— What to do —
Your copy should match the records exactly, apart from the pictures, which stay out.

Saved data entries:

..........

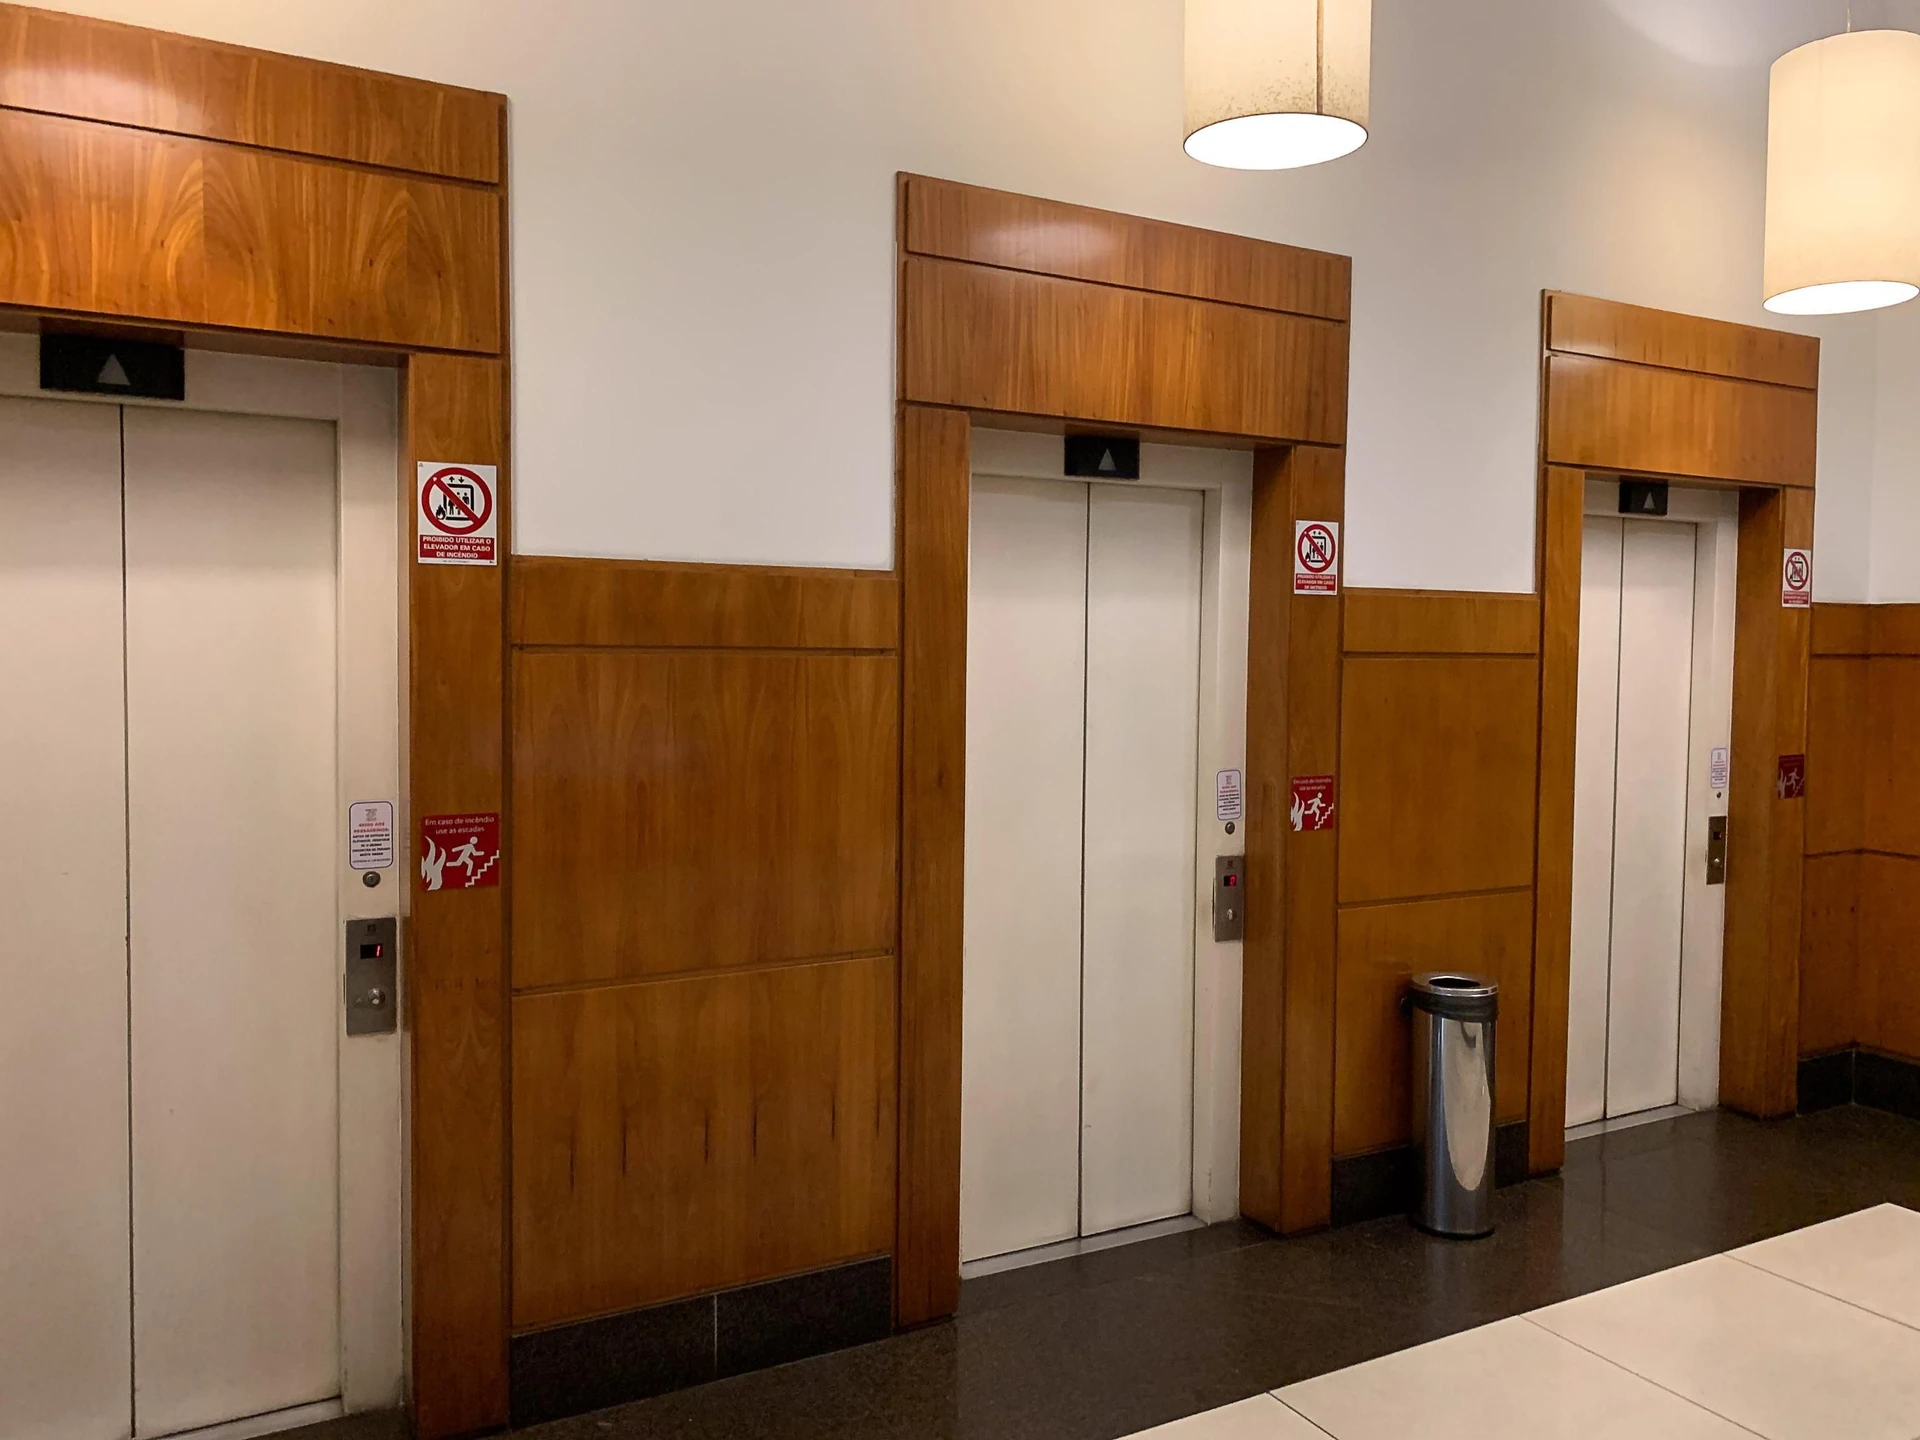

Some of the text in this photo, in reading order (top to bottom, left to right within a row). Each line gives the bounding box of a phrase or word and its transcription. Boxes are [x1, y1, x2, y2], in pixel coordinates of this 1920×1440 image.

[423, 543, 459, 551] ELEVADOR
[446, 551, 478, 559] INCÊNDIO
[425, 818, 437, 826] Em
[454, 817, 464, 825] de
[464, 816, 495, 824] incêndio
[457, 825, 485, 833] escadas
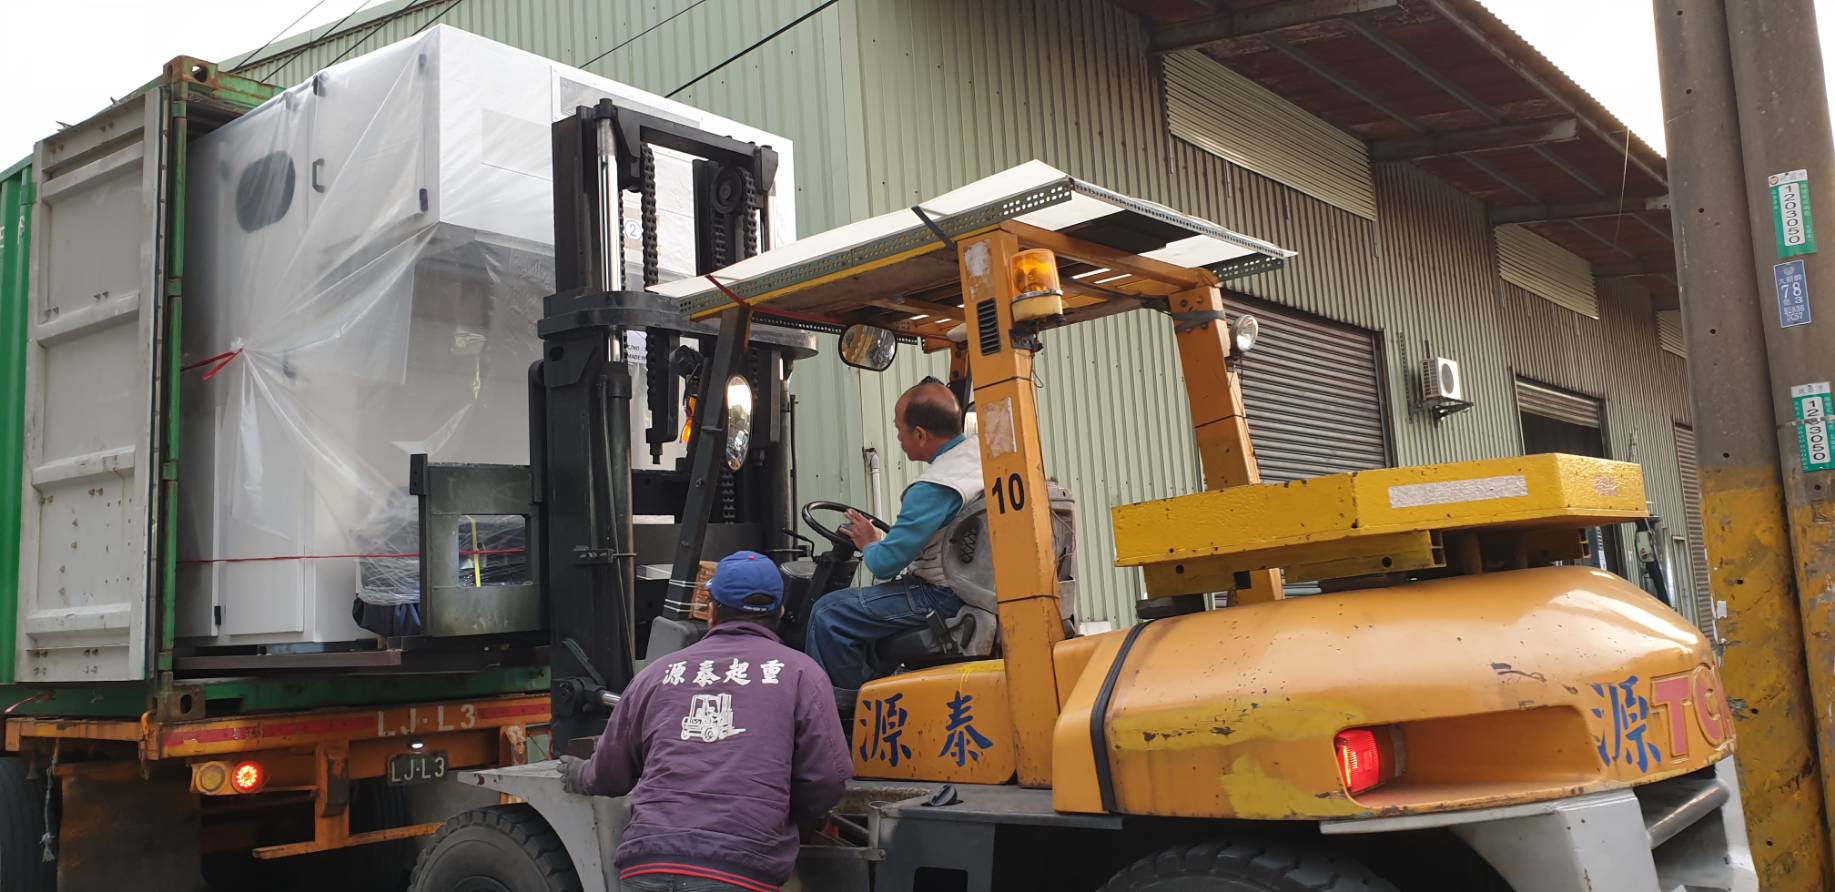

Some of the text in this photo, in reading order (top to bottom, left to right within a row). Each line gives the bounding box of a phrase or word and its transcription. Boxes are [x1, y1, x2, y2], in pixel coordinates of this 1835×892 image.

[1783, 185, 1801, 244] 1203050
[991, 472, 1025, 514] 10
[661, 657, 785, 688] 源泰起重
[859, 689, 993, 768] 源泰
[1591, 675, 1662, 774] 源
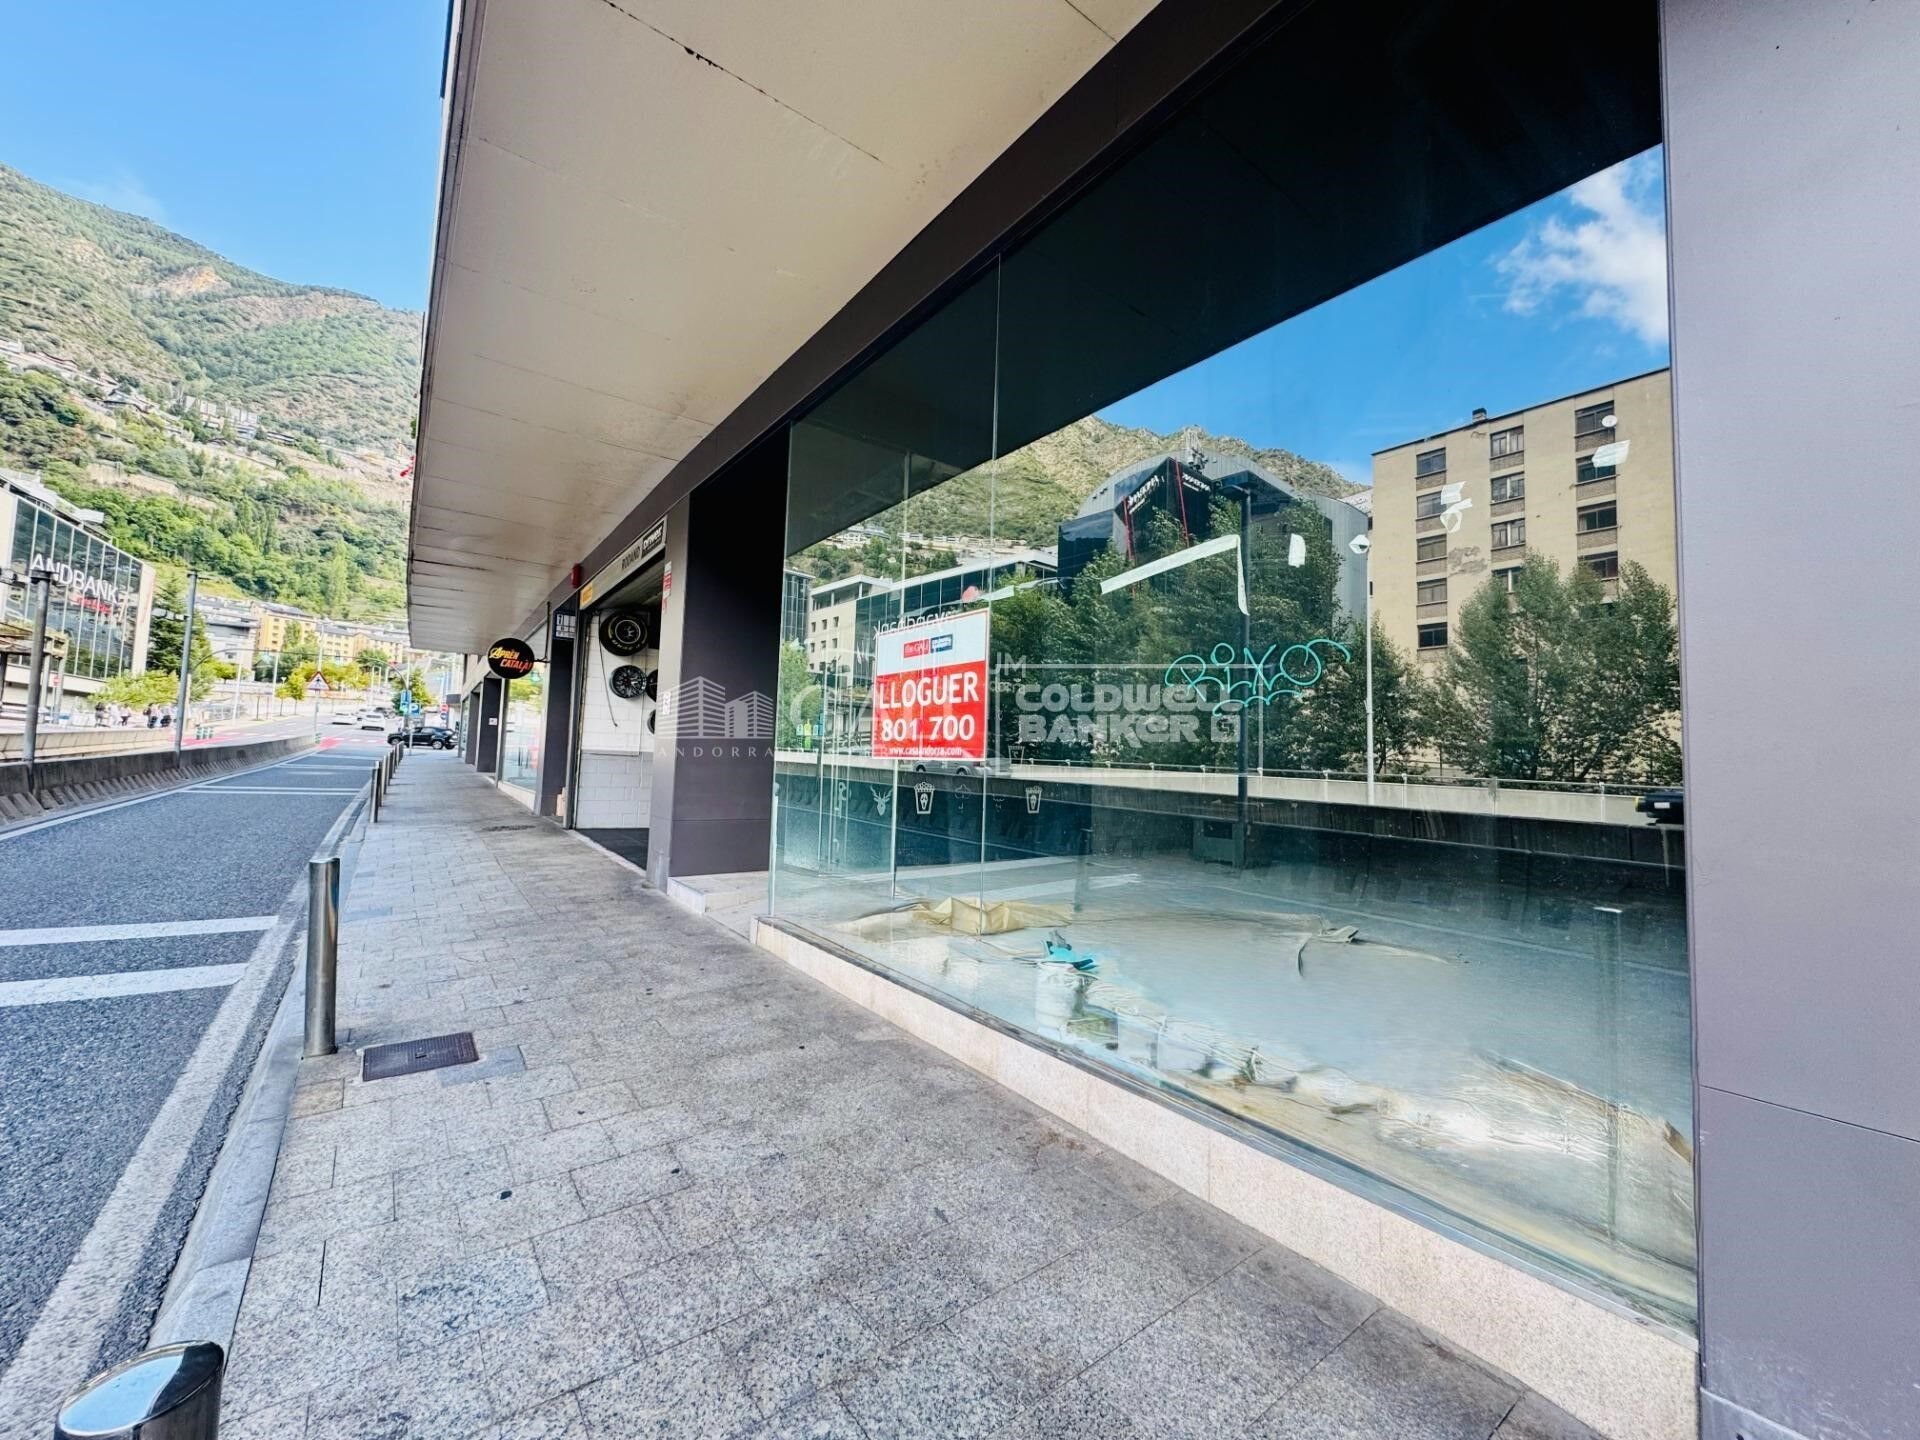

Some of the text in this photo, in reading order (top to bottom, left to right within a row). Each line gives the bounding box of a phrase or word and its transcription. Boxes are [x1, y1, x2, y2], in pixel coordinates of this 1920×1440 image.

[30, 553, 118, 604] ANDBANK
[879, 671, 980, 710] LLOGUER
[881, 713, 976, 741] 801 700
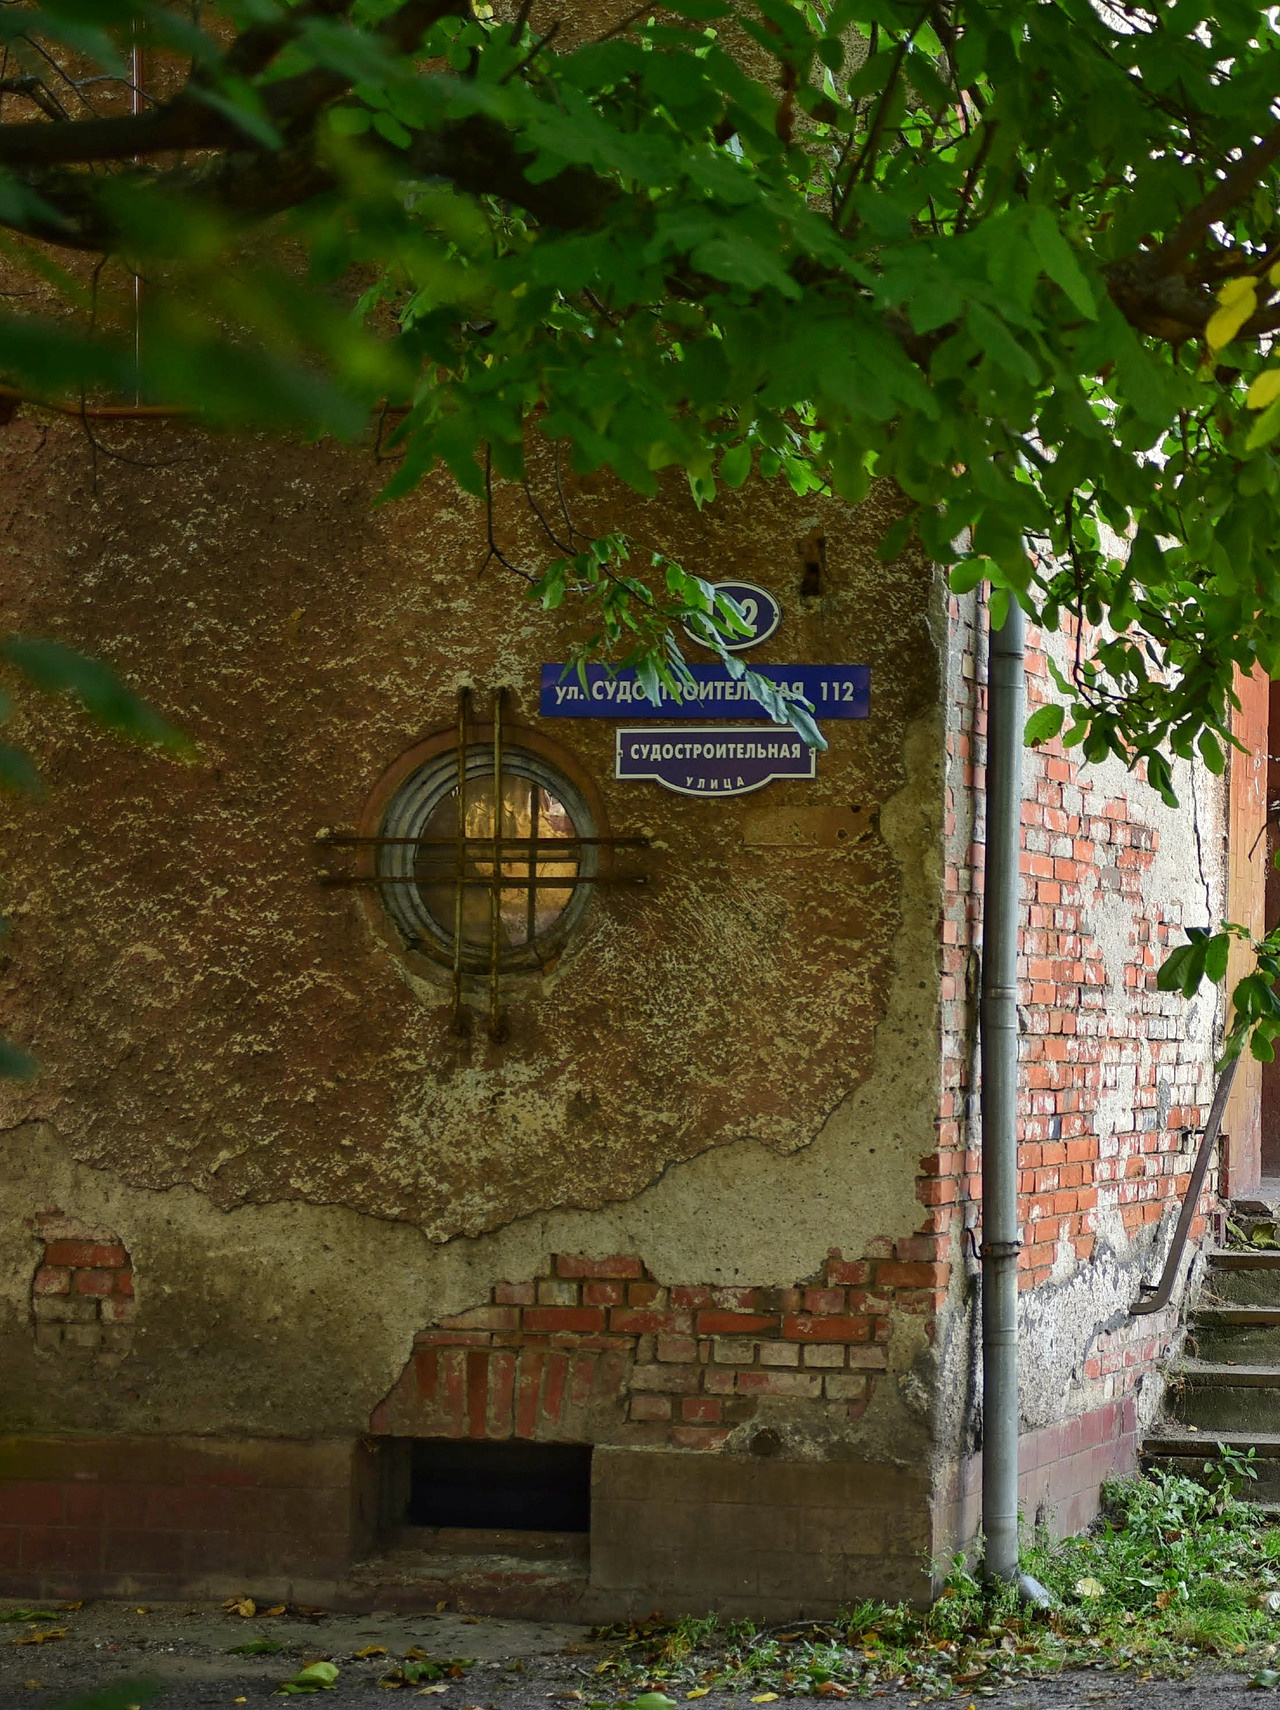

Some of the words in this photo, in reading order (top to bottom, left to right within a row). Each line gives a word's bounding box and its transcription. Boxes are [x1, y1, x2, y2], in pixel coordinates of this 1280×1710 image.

..........

— The answer —
Some of the text in this photo, in reading order (top to bottom, left to right within a row). Each line gives the bounding box of a phrase or word and its transcription. Boxes are [x1, y1, x2, y2], in pixel coordinates of this 1920×1440 image.

[423, 543, 459, 551] ELEVADOR
[446, 551, 478, 559] INCÊNDIO
[425, 818, 437, 826] Em
[454, 817, 464, 825] de
[464, 816, 495, 824] incêndio
[457, 825, 485, 833] escadas

Some of the text in this photo, in reading order (top to bottom, left to right within a row). Each line gives the bounding box of a phrase or word and its transcription. Boxes are [x1, y1, x2, y2], in pixel coordinates of this 1835×892 image.

[1783, 185, 1801, 244] 1203050
[991, 472, 1025, 514] 10
[661, 657, 785, 688] 源泰起重
[859, 689, 993, 768] 源泰
[1591, 675, 1662, 774] 源

Some of the text in this photo, in reading order (top to bottom, left to right within a row). Each line gives the bounding box of a phrase or word and its transcription. Boxes are [x1, y1, x2, y2], in pixel coordinates of this 1920×1440 image.

[30, 553, 118, 604] ANDBANK
[879, 671, 980, 710] LLOGUER
[881, 713, 976, 741] 801 700

Some of the words in this photo, in reading order (top to bottom, left to right within a row). Each line gives a word's bounding box and its transcription. Boxes are [x1, y1, x2, y2], in pixel coordinates of this 1280×1710 image.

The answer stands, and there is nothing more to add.